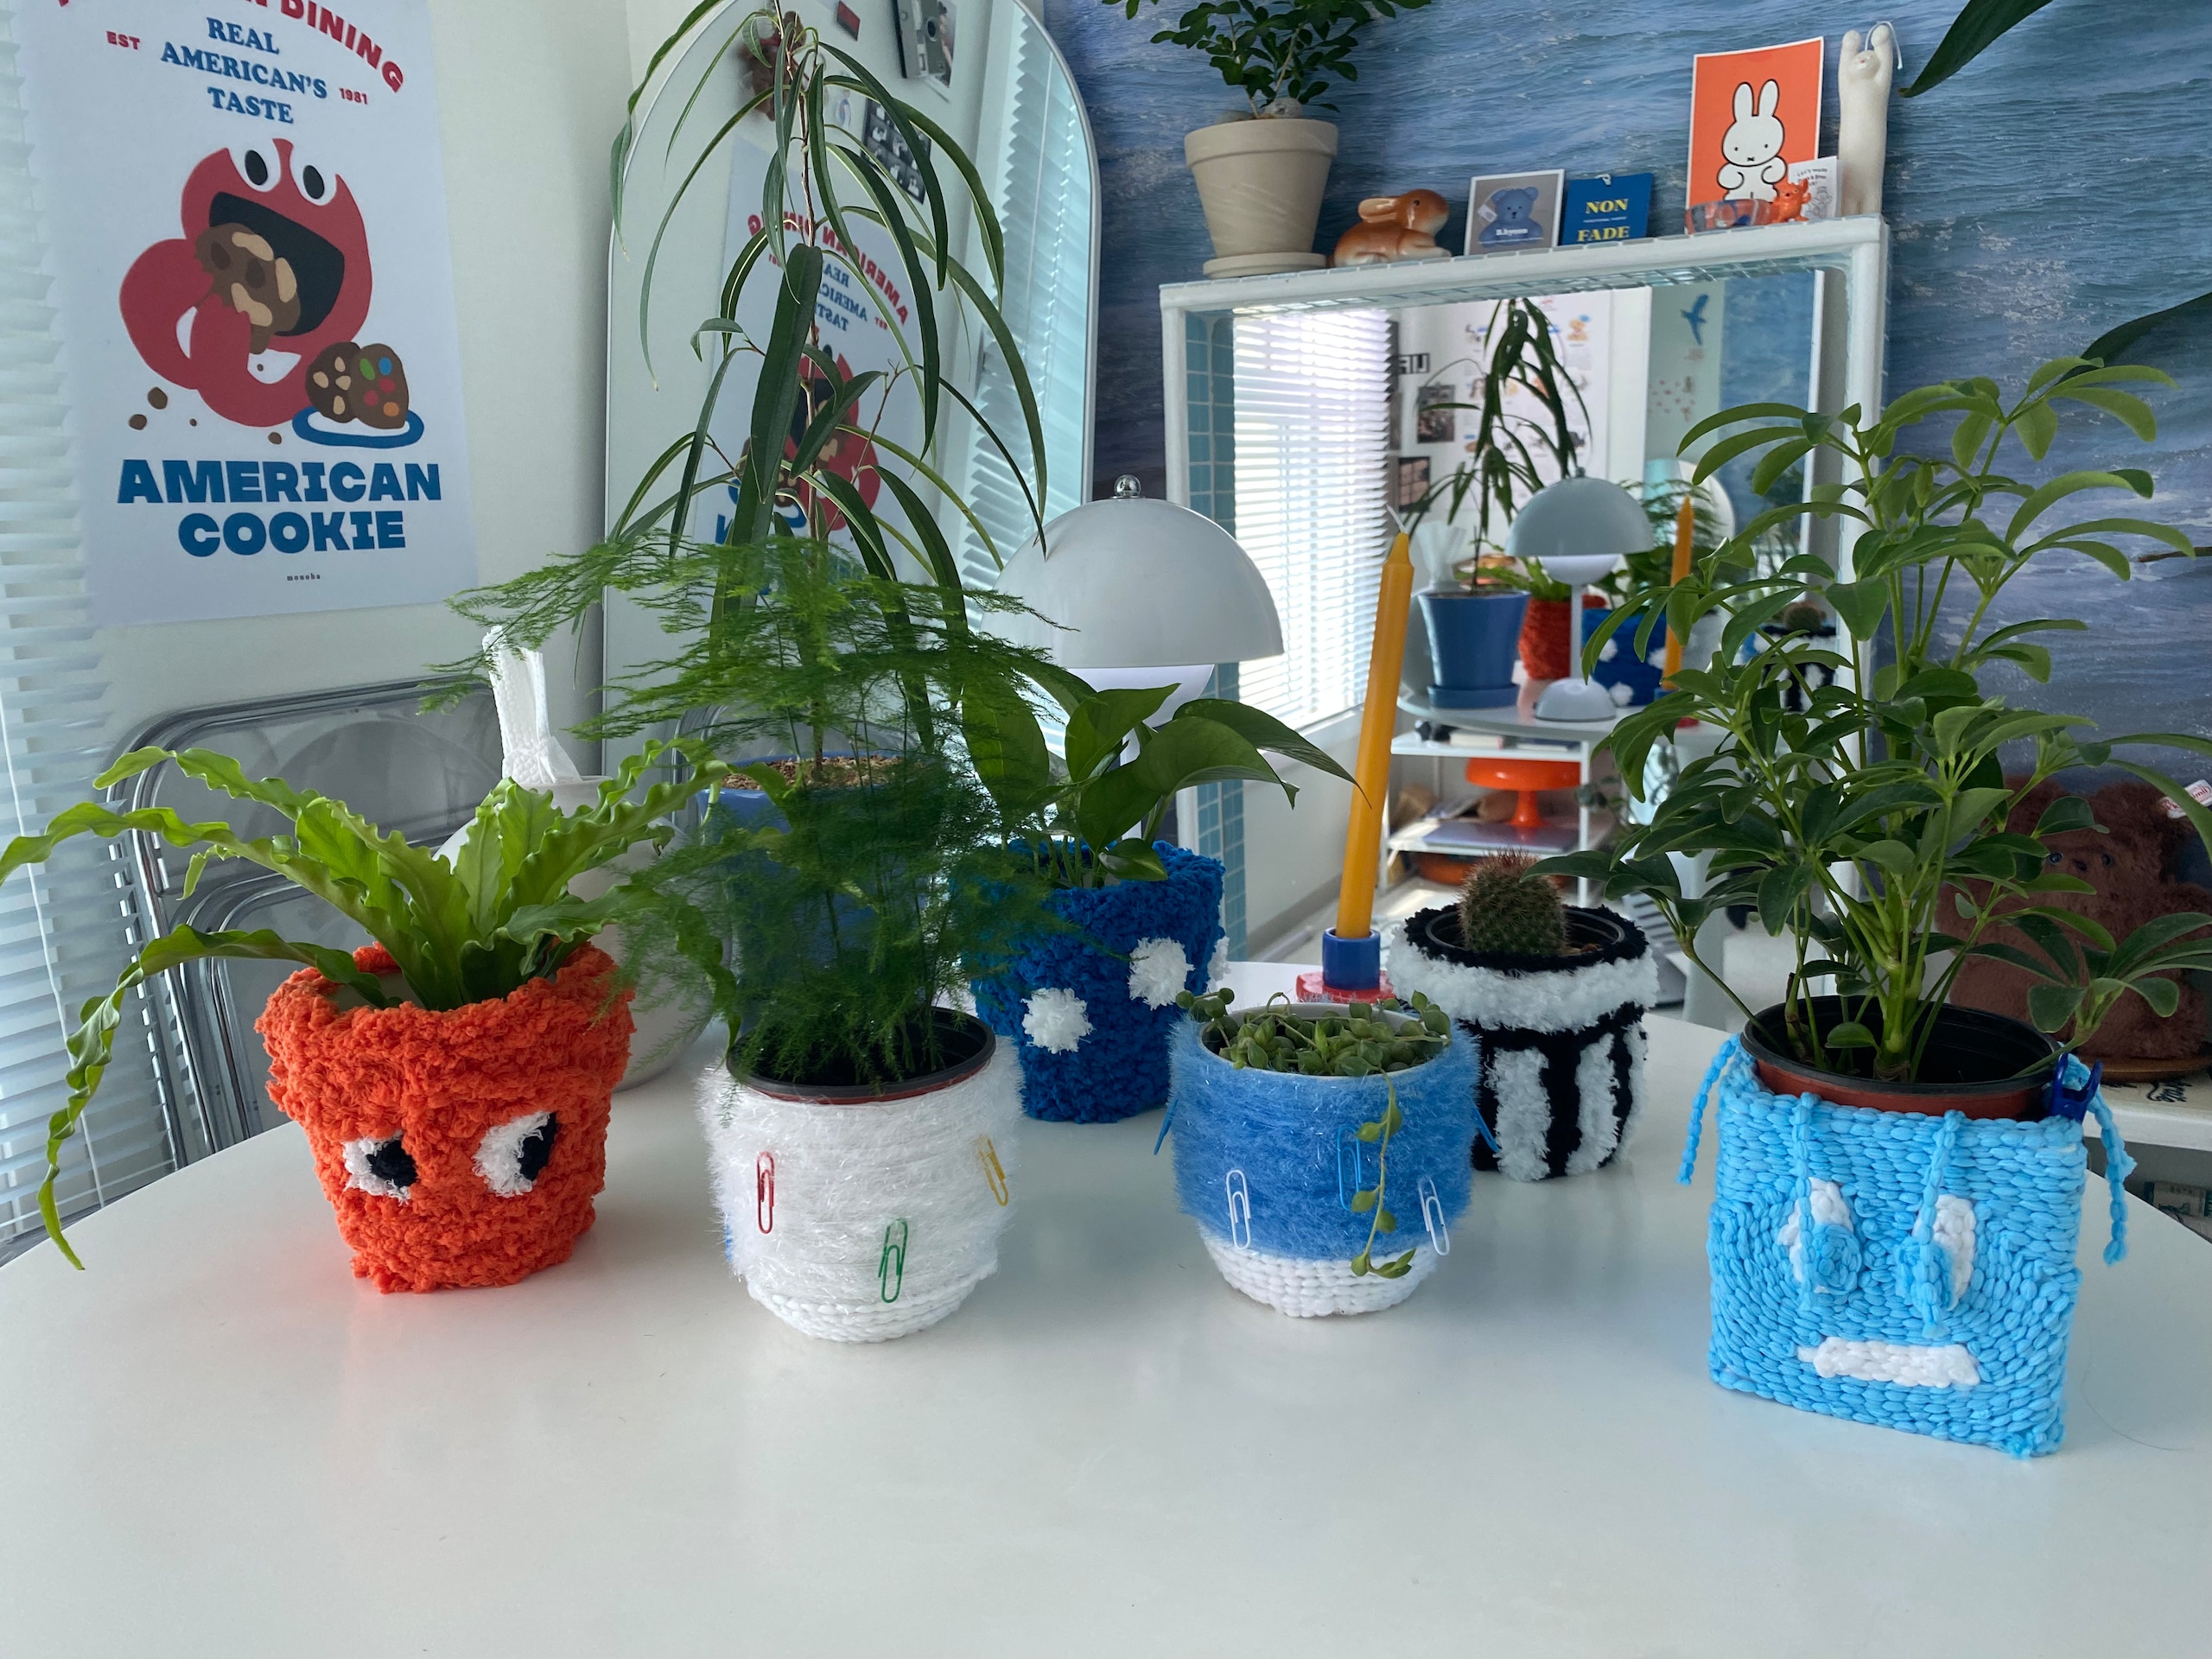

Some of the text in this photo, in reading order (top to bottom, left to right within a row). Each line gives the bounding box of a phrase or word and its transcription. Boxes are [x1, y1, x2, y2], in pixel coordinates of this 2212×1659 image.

[105, 30, 140, 50] EST
[207, 17, 280, 54] REAL
[281, 0, 404, 93] DINING
[161, 41, 327, 99] AMERICAN'S
[207, 88, 293, 124] TASTE
[339, 87, 368, 105] 1981
[1585, 199, 1629, 214] NON
[1577, 226, 1630, 242] FADE
[117, 459, 442, 504] AMERICAN
[178, 510, 406, 557] COOKIE
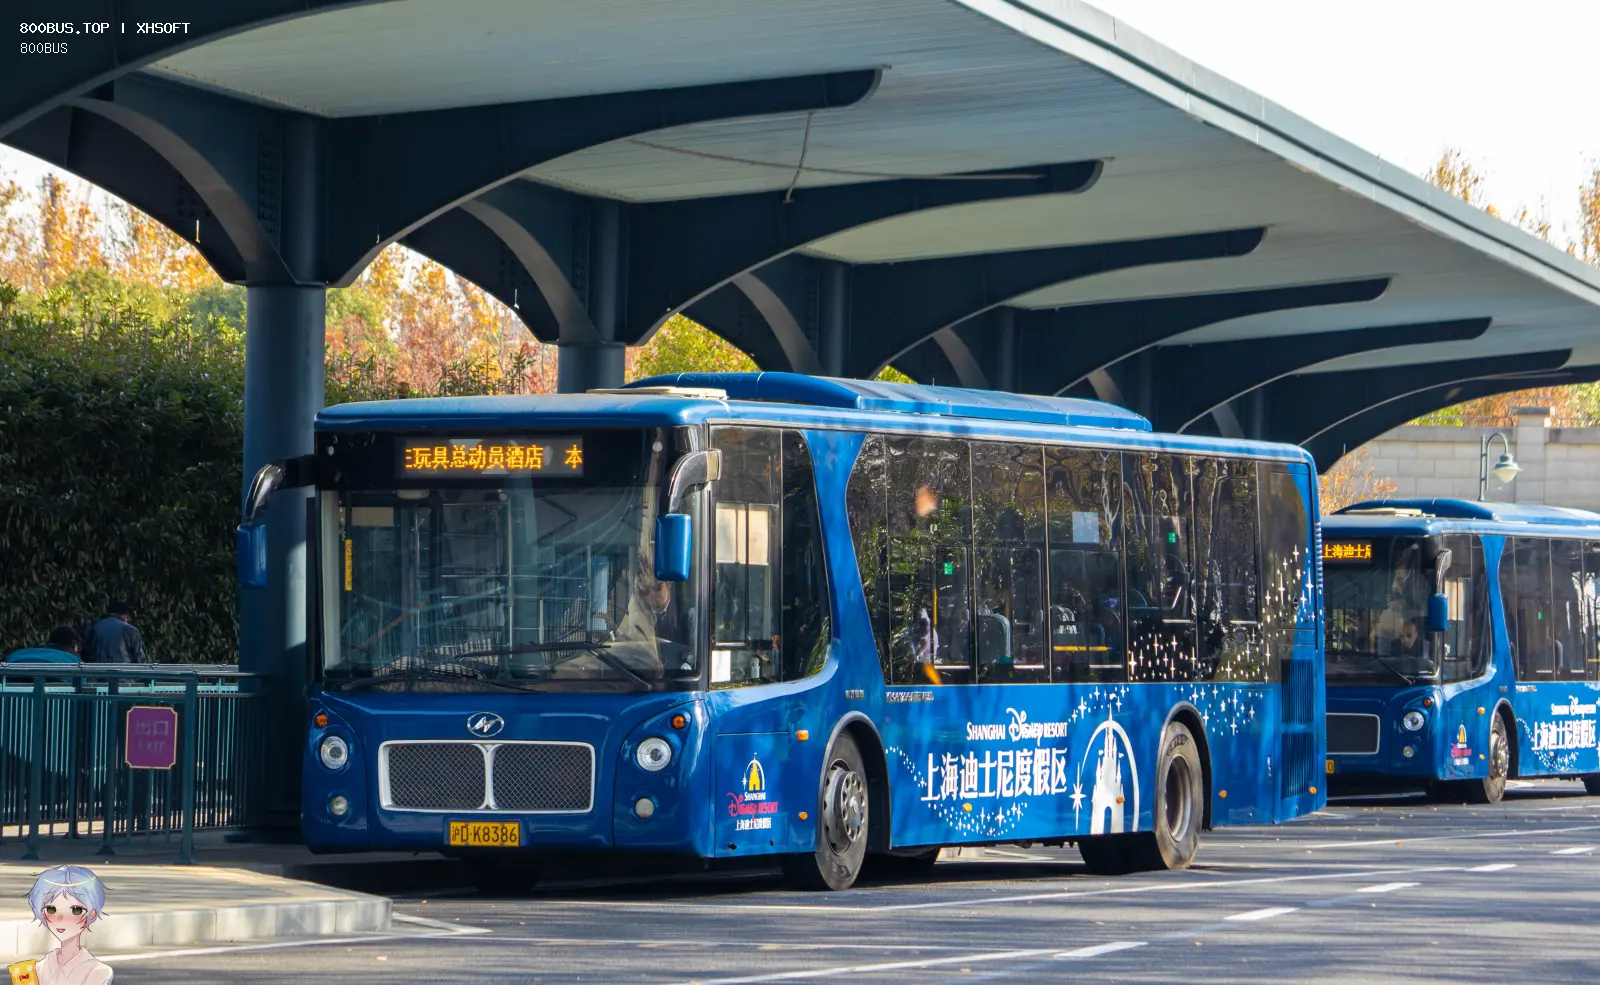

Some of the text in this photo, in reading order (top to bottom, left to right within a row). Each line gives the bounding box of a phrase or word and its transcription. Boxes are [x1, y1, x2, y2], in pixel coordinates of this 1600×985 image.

[564, 444, 583, 469] 本
[134, 719, 169, 737] 出口
[966, 721, 1006, 741] SHANGHAI
[1043, 721, 1068, 738] RESORT
[920, 747, 1068, 801] 上海迪士尼度假区
====================
- PROBLEM
Which lines run from the one containing "this 1600×985 image." through the end of the material? Output them exactly.

- OUTPUT FOR THIS TASK
Some of the text in this photo, in reading order (top to bottom, left to right within a row). Each line gives the bounding box of a phrase or word and its transcription. Boxes are [x1, y1, x2, y2], in pixel coordinates of this 1600×985 image.

[564, 444, 583, 469] 本
[134, 719, 169, 737] 出口
[966, 721, 1006, 741] SHANGHAI
[1043, 721, 1068, 738] RESORT
[920, 747, 1068, 801] 上海迪士尼度假区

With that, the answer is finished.